Ibn al-Bawwab, Abu´l-Hasan Ali b. Hilal, known also under the name of Ibn al-Sitri, famous calligrapher of the Buwayhid period who died in Baghdad in 413/1022 (this date is more probable than 423/1031). He frequented the governmental circles of the period, as he was closely attached to the vizier Fakhr al Mulk Abu Ghalib Muhammad b.
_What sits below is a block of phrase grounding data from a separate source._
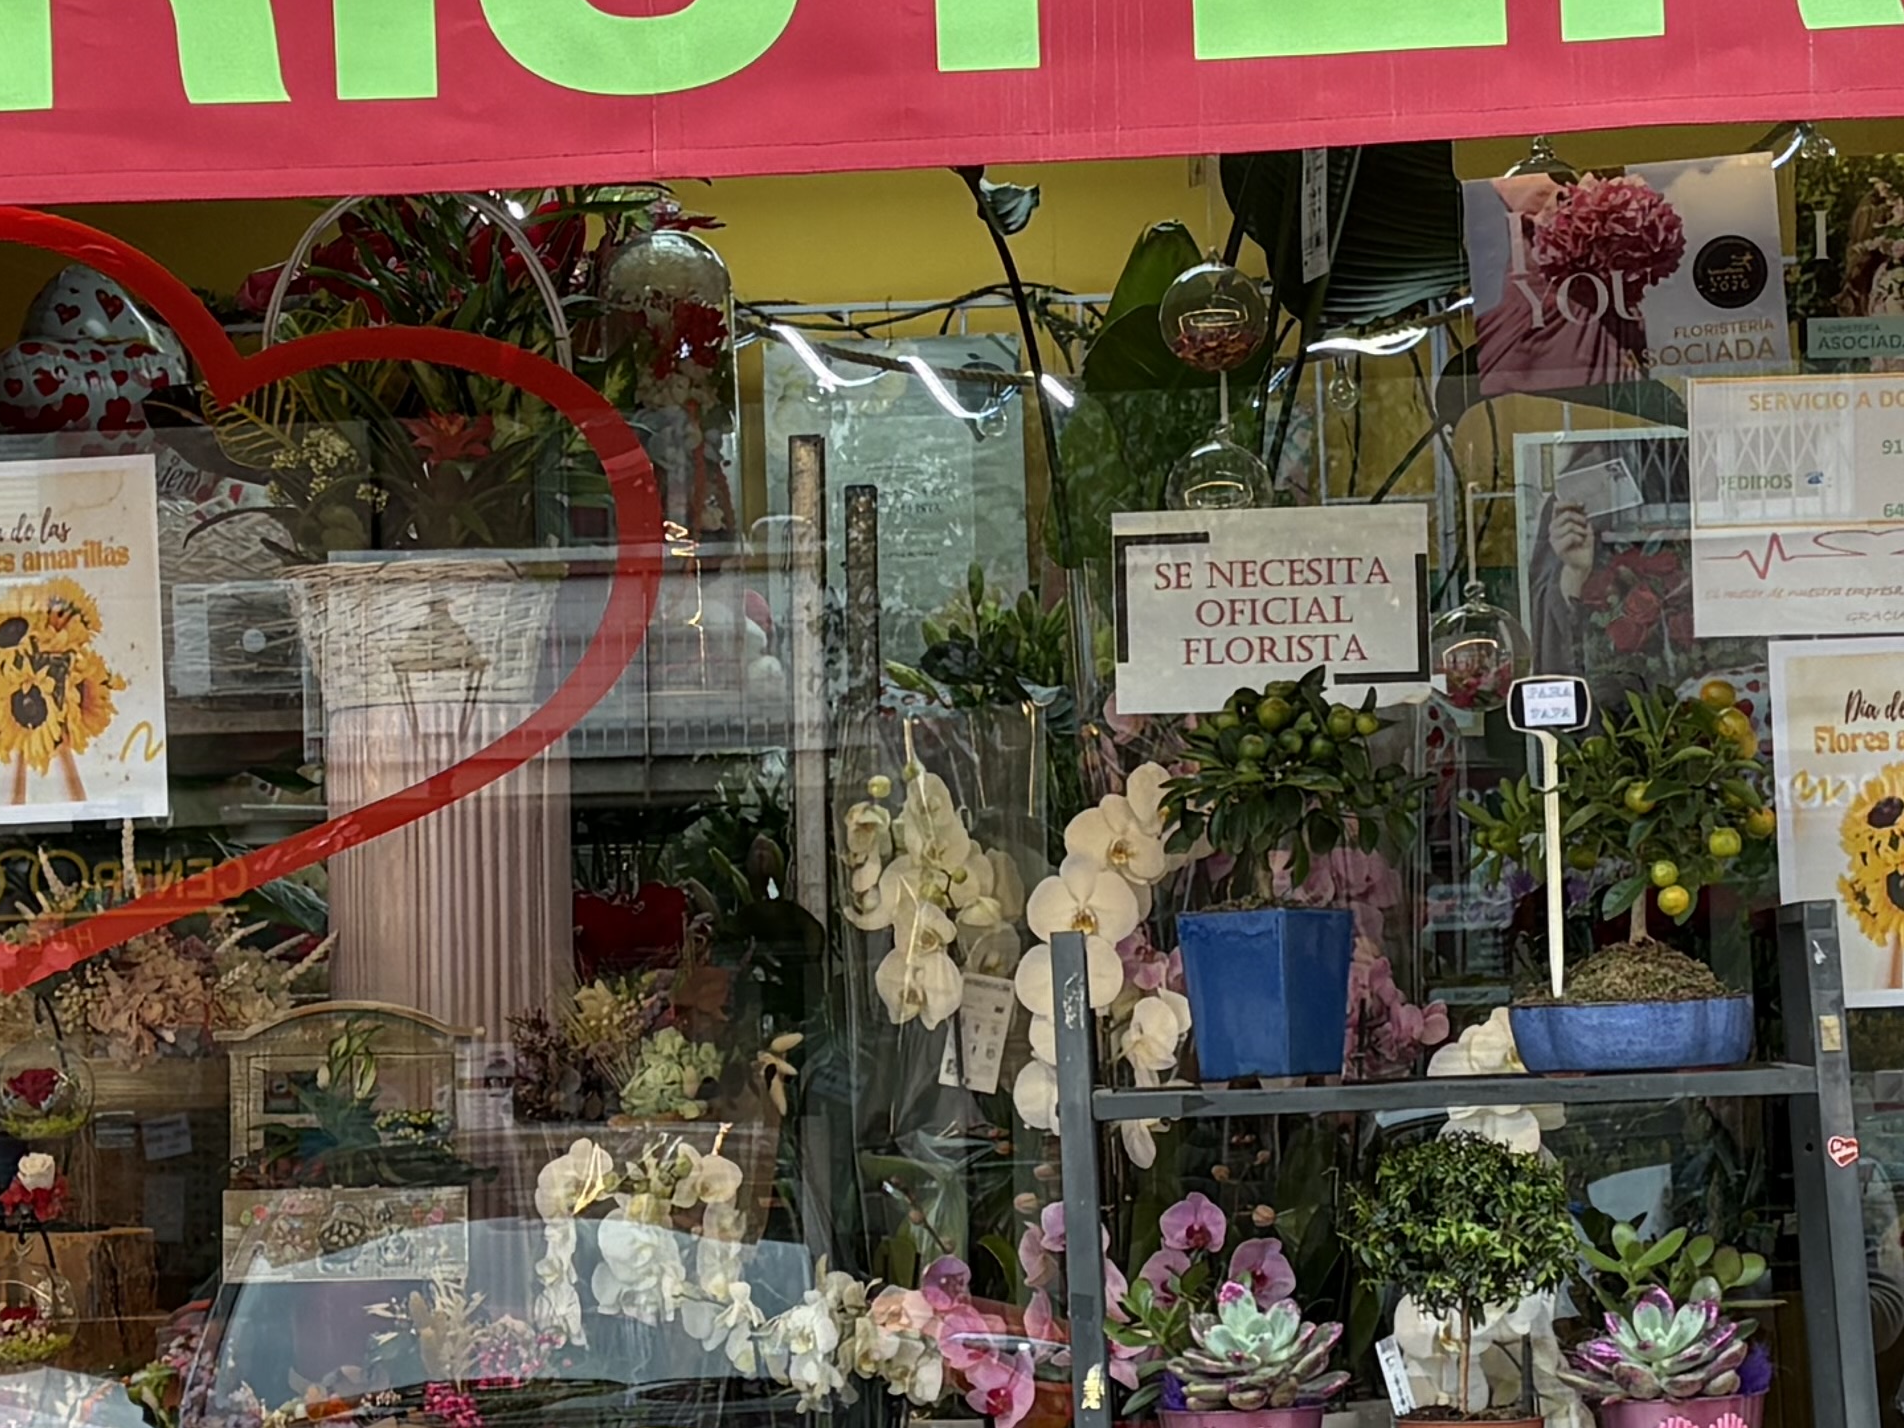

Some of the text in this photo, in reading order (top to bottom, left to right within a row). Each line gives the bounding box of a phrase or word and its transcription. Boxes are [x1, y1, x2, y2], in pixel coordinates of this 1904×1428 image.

[1508, 212, 1531, 276] I
[1813, 210, 1831, 260] I
[1514, 269, 1642, 330] YOU
[1622, 337, 1777, 369] ASOCIADA
[1748, 388, 1850, 413] SERVICIO
[1855, 390, 1874, 408] A
[1716, 471, 1793, 491] PEDIDOS
[39, 506, 72, 546] las
[21, 539, 130, 572] amarillas
[1154, 555, 1392, 592] SE NECESITA
[1194, 595, 1354, 628] OFICIAL
[1181, 632, 1369, 667] FLORISTA
[1813, 723, 1892, 755] Flores
Khalaf at Baghdad and was for some time in charge of the library of Buwayhid Baha´ al-Dawla at Shiraz.

He was also an illuminator (at least one outstanding example of his work surviving), a devout man who knew the Kur´an by heart and is said to have reproduced sixty-four copies of it, and a man of letters who was well versed in the law and who wrote a treatise and a didactic poem on the art of writing.
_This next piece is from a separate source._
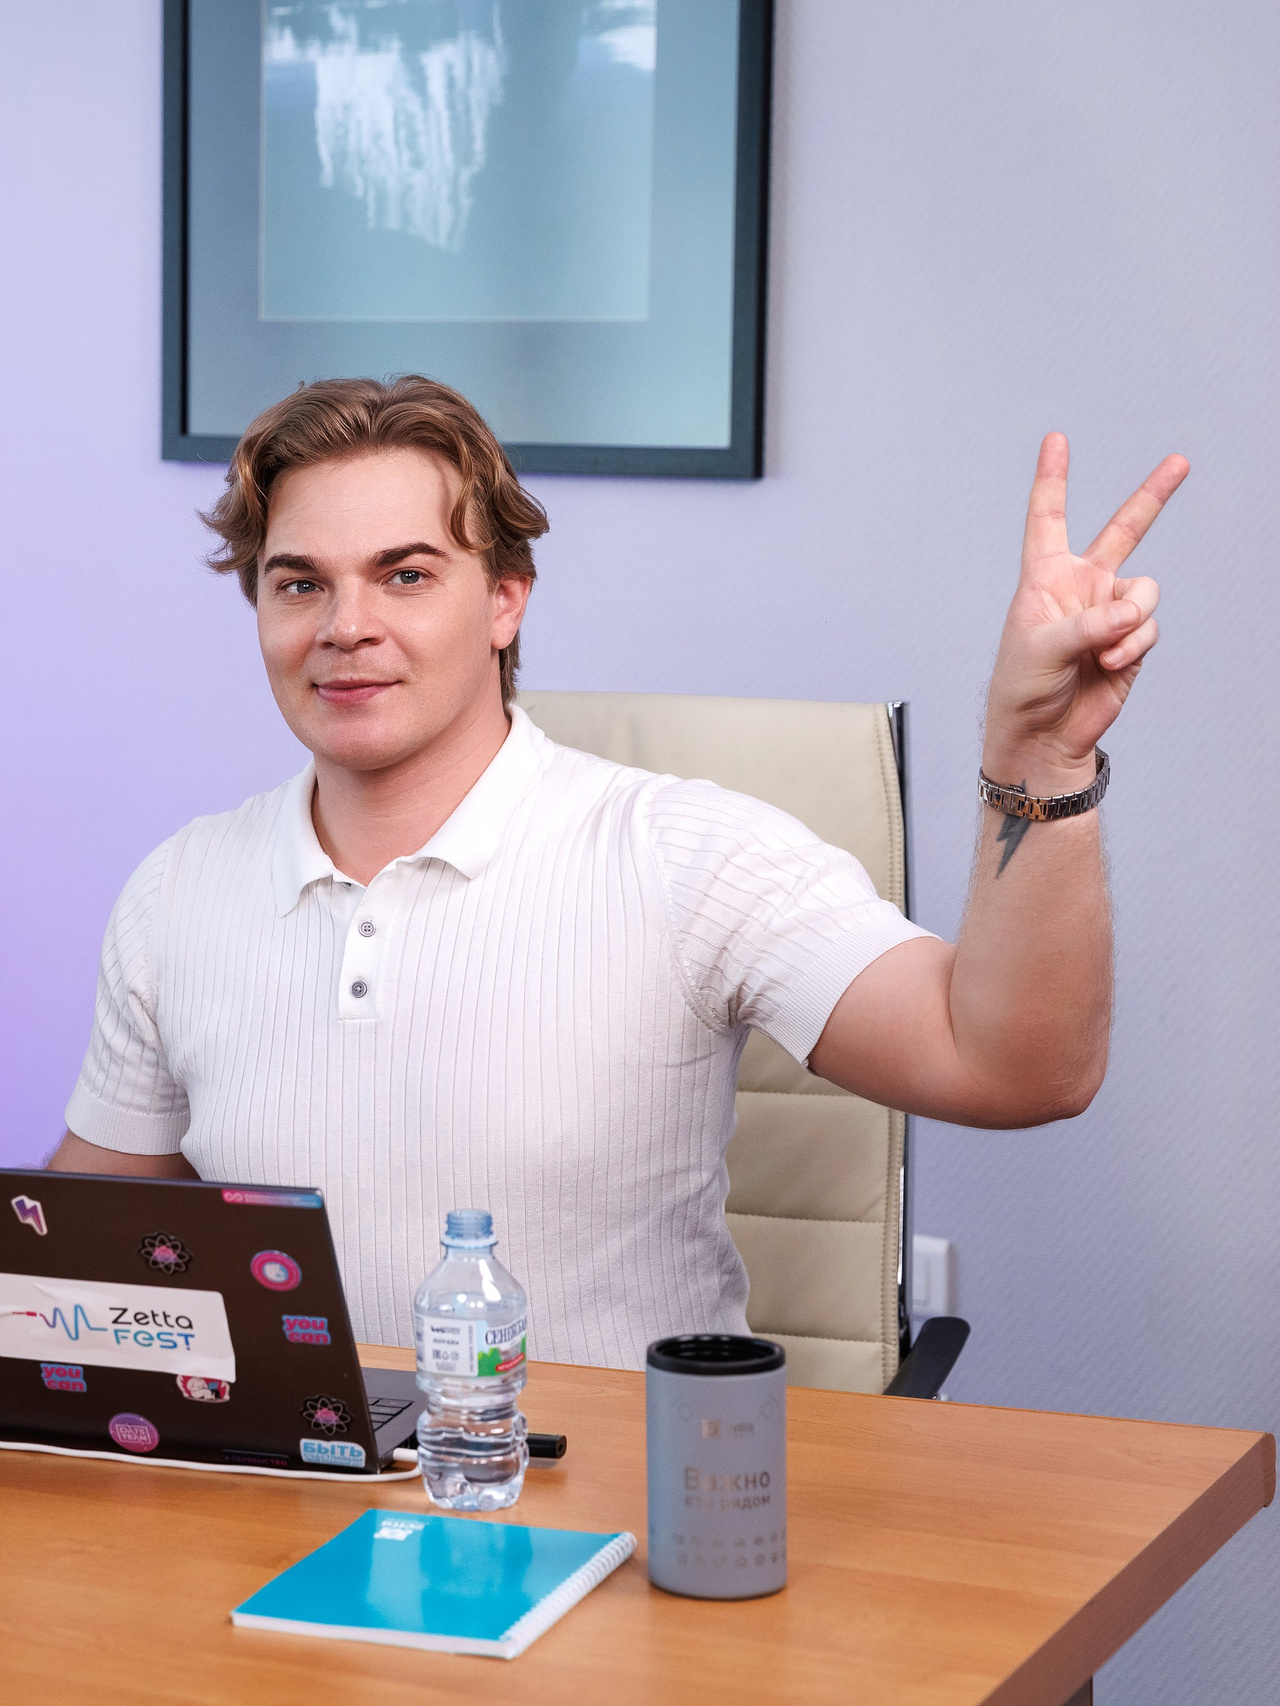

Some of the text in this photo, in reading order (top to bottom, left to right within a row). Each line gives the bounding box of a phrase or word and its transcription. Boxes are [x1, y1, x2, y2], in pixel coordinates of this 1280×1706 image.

His real claim to fame, however, according to the early Arab authors, was to have perfected the style of writing invented, about a century earlier, by his famous predecessor, the vizier Ibn Mukla and to have brought it to a degree of well-balanced elegance which was to be surpassed later only by the efforts of Yakut al-Musta`simi. "The well-proportioned script" (al-khatt al-mansub) which he thus made famous in such a remarkable way, and whose basic geometric outlines E. Robertson and N. Abbott have tried to reconstitute by means of a system of theoretical measurement of the letters described in later treatises on calligraphy, has given rise to many different interpretations - particularly since its title itself means perhaps nothing more than a "fine script". It nevertheless seems likely that we are today in a position to evaluate the calligraphy of Ibn Bawwab through the unique example of it in a Kur´an in the Chester Beatty Library (MS K. 16), signed by Ibn Bawwab and dated 391/1000-1, whose calligraphy is as splendid as its illuminations.

The type of naskhi used in this work, as well as the style of its geometric and floral decorations, form the subject of a long study by D. S. Rice, who applied himself to demonstrating the authenticity of this specimen while revealing forgeries in the five other manuscripts hitherto attributed to the famous calligrapher (among them two copies of the Diwan of Salama b. Djandal preserved in Istanbul, which do indeed date from the 5th/11th century but which had had false signatures added).